◆ Material supplied
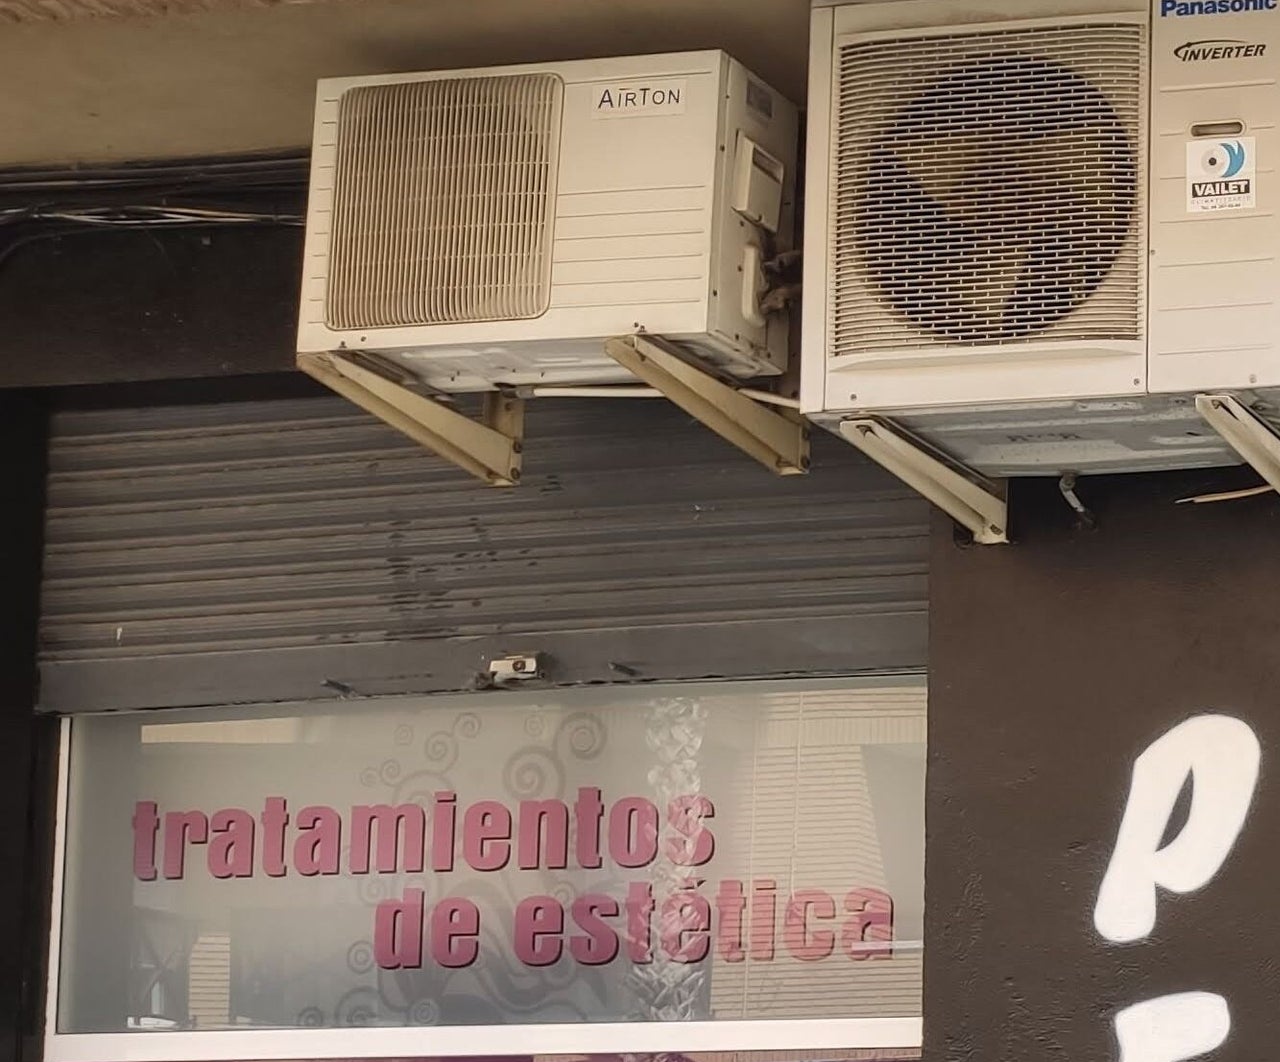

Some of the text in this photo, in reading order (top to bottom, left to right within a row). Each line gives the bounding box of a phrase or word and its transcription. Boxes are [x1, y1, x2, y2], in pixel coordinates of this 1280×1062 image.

[1161, 0, 1278, 16] Panasonic
[1182, 44, 1266, 61] INVERTER
[1194, 180, 1248, 196] VAILET
[132, 785, 716, 881] tratamientos
[374, 876, 895, 969] de estética
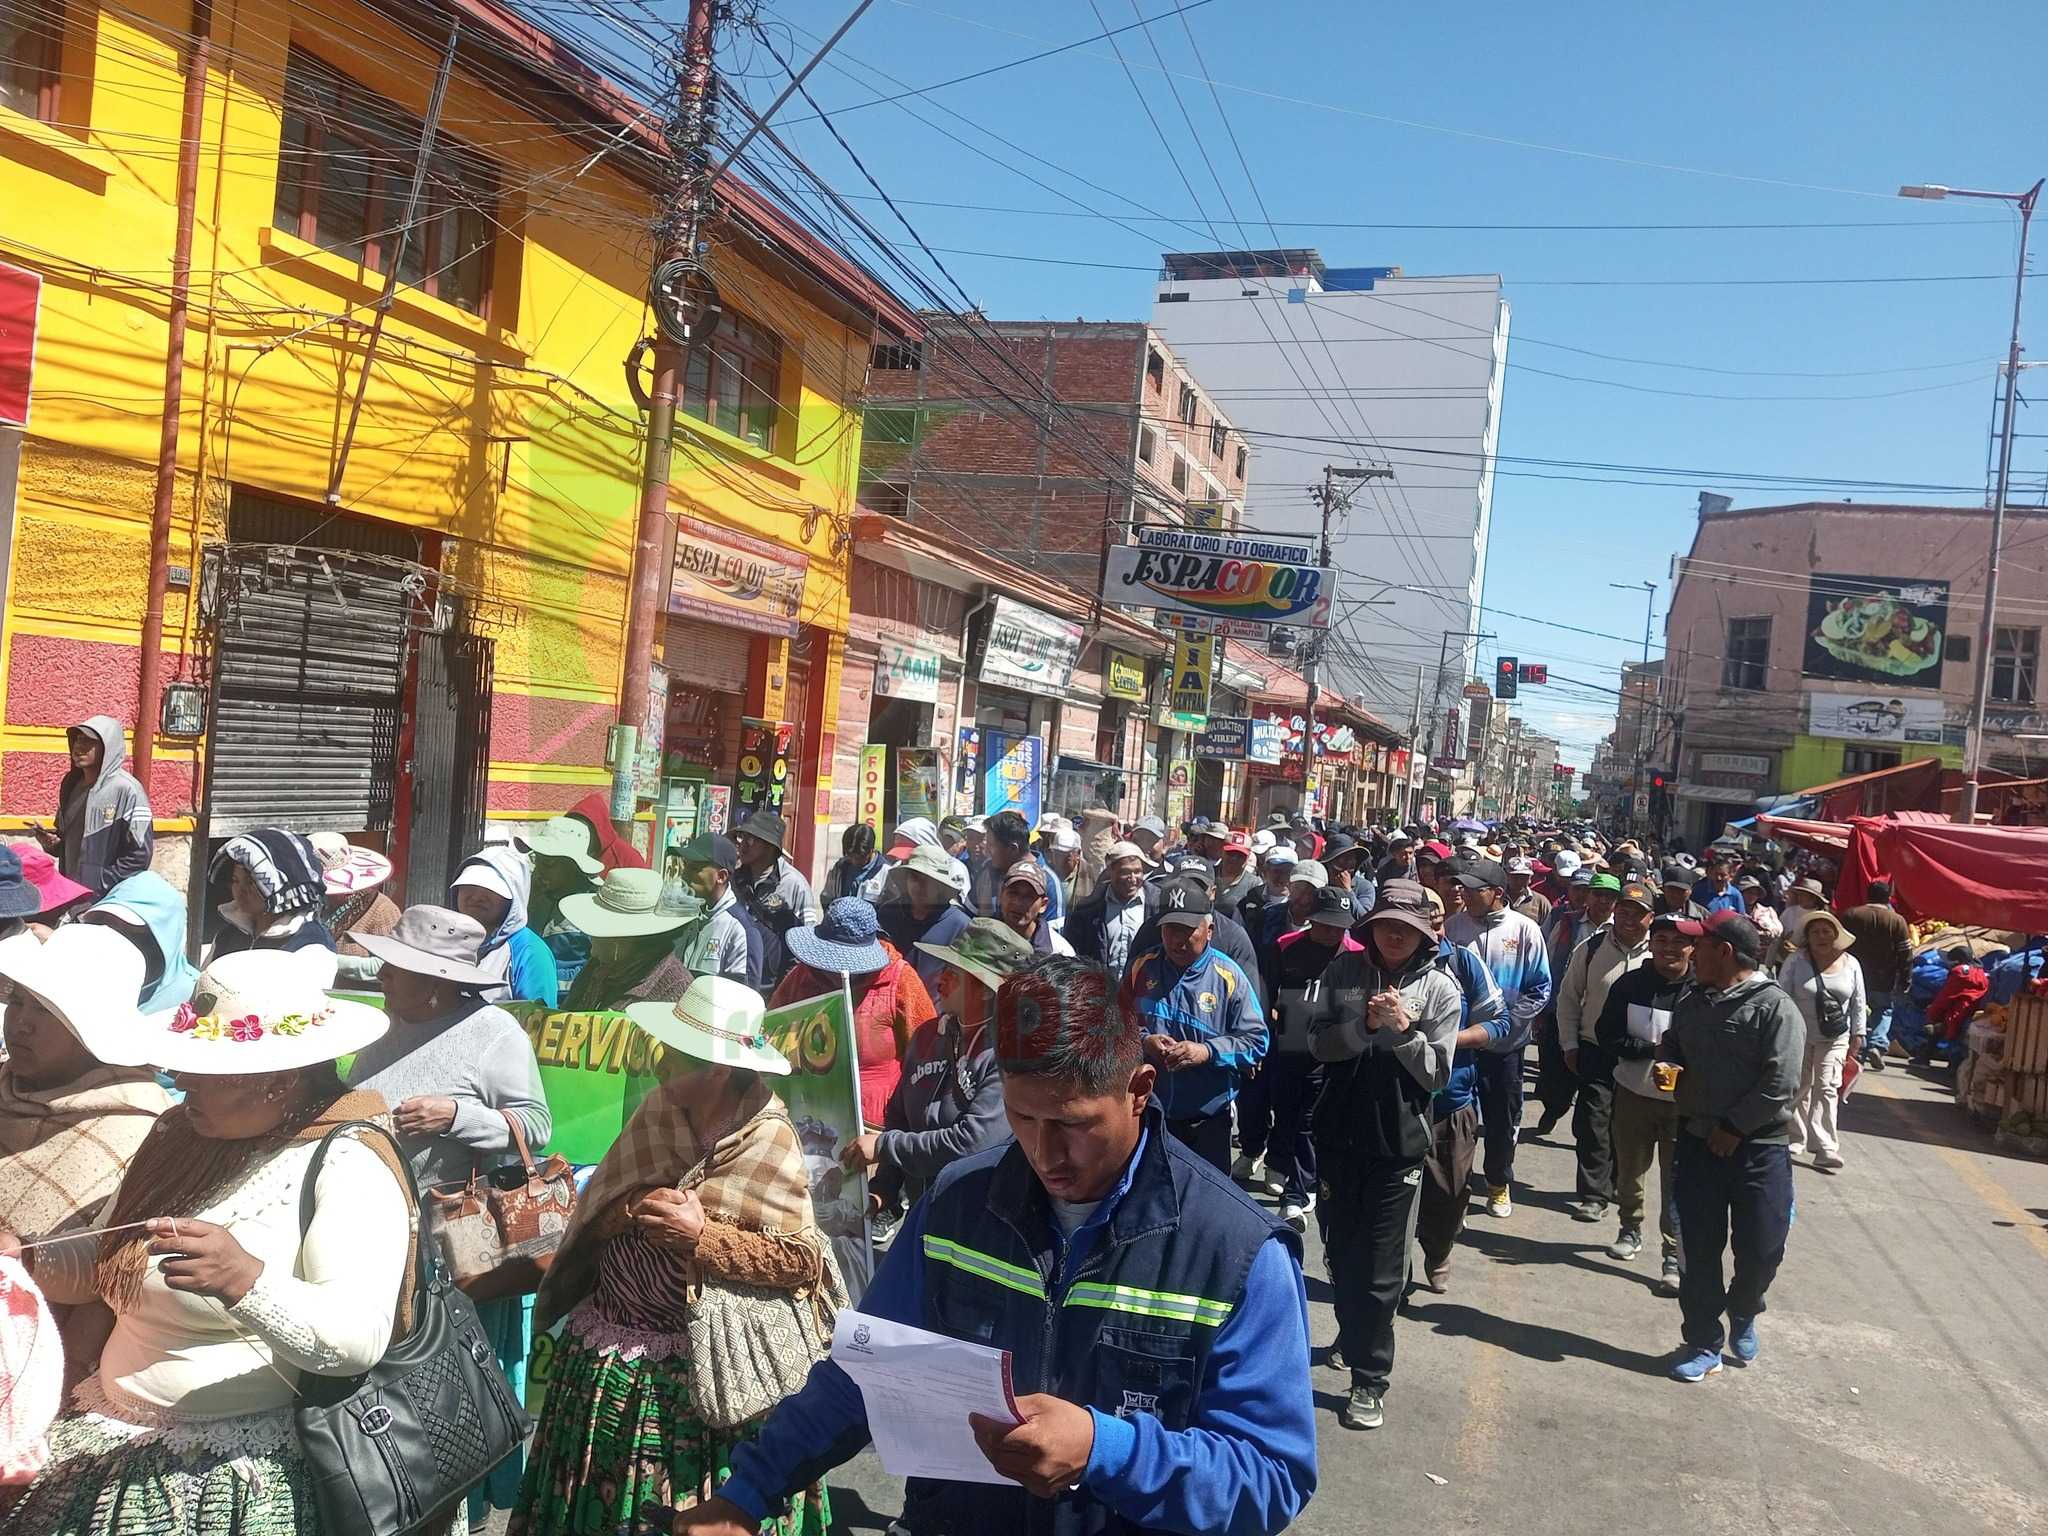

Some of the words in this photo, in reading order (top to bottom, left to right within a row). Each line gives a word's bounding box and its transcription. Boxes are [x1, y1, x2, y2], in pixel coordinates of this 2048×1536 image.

◆ Task statement
Please give the entries again word for word, without any pictures.

◆ Task result
Some of the text in this photo, in reading order (top to bottom, left to right within a row). Each line gives the bounding box of a phrase or word and its transcription. Boxes are [x1, y1, x2, y2], in pixel coordinates of this 1280×1062 image.

[1161, 0, 1278, 16] Panasonic
[1182, 44, 1266, 61] INVERTER
[1194, 180, 1248, 196] VAILET
[132, 785, 716, 881] tratamientos
[374, 876, 895, 969] de estética

Some of the words in this photo, in reading order (top to bottom, left to right within a row). Each line gives a word's bounding box and its transcription. Boxes are [x1, y1, x2, y2], in pixel coordinates of this 2048×1536 image.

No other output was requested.